Dominican baseball player (born 1994)

Randy Miguel Rosario Luperon (born May 18, 1994) is a Dominican former professional baseball pitcher. He played in Major League Baseball (MLB) for the Minnesota Twins, Chicago Cubs, and Kansas City Royals, and in Nippon Professional Baseball (NPB) for the Chunichi Dragons.

==Career==
===Minnesota Twins===
Rosario signed as an amateur free agent with the Minnesota Twins in 2010, receiving a $85,000 signing bonus. He made his professional debut in 2011 with the DSL Twins and spent the whole season there, going 2–4 with a 3.86 ERA in 35 innings pitched. In 2012, he played for the GCL Twins where he was 2–1 with a 1.64 ERA in ten games (seven starts), and in 2013, he pitched with the Elizabethton Twins where he pitched to a 4–3 record and 2.82 ERA in nine games.

He underwent Tommy John surgery in 2014 after three games for the Cedar Rapids Kernels, and he missed the remainder of the season. He spent 2015 with Cedar Rapids where he posted a 2–6 record and 2.52 ERA in 11 starts (ten games).

After the 2015 season, the Twins added Rosario to their 40-man roster. Rosario started 2016 with the Fort Myers Miracle and was promoted to the Chattanooga Lookouts. In 100.1 innings pitched between both teams, he was 6–7 with a 3.77 ERA. He started 2017 with Fort Myers and was quickly promoted to the Lookouts. The Twins promoted Rosario to the major leagues on June 1.

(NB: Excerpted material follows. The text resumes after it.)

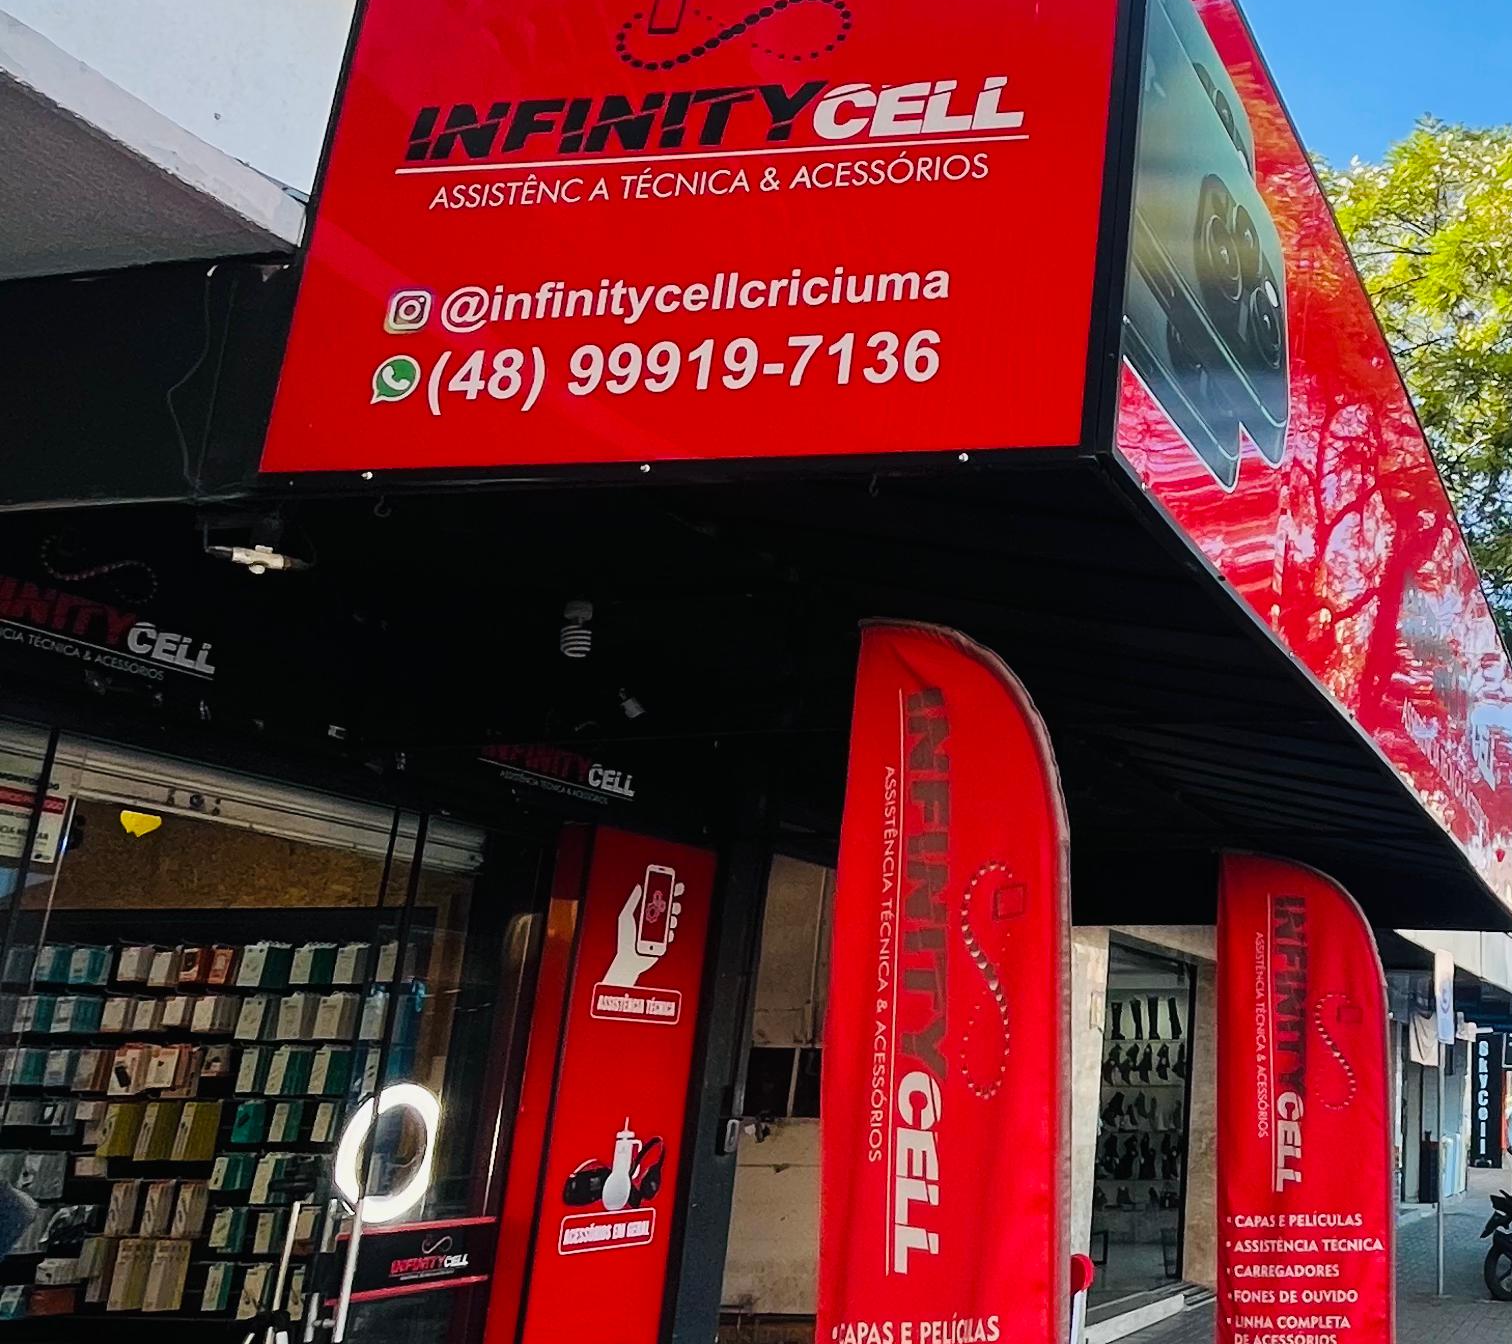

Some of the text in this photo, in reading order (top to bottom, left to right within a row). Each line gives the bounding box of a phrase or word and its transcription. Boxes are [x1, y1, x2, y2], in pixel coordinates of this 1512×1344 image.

On June 2, 2017, Rosario made his major league debut against the Los Angeles Angels. He pitched two innings, allowing three runs, three hits, and struck out one in an 11-5 Twins victory. He was optioned back to the Rochester Red Wings in June and he spent the remainder of the season there.

===Chicago Cubs===
On November 3, 2017, Rosario was claimed off waivers by the Chicago Cubs. He began the season with the Iowa Cubs. In mid-May of the 2018 season, Rosario was recalled twice and sent down to the minors twice before he received a third recall to replace the injured Yu Darvish. He pitched 7 2/3 innings of relief allowing only 2 hits and had a 2–0 record. Rosario was designated for assignment on September 9, 2019.

===Kansas City Royals===
On September 12, 2019, Rosario was claimed off waivers by the Kansas City Royals. He threw 3 2/3 scoreless innings for the Royals before the end of the year. In 4 games for Kansas City in 2020, he logged an 8.10 ERA with 5 strikeouts over 3 1/3 innings pitched. Rosario was designated for assignment by the Royals on September 3, 2020. He became a free agent on November 2.

===Chunichi Dragons===
On December 2, 2020, it was reported that Rosario had reached a deal with the Chunichi Dragons in the Nippon Professional Baseball League. He made his NPB debut on May 28, 2021. He became a free agent following the season.

===Saraperos de Saltillo===
On May 3, 2022, Rosario signed with the Saraperos de Saltillo of the Mexican League. In six appearances, Rosario posted an 0–1 record with an 18.00 ERA. He was released by the Saraperos on May 17.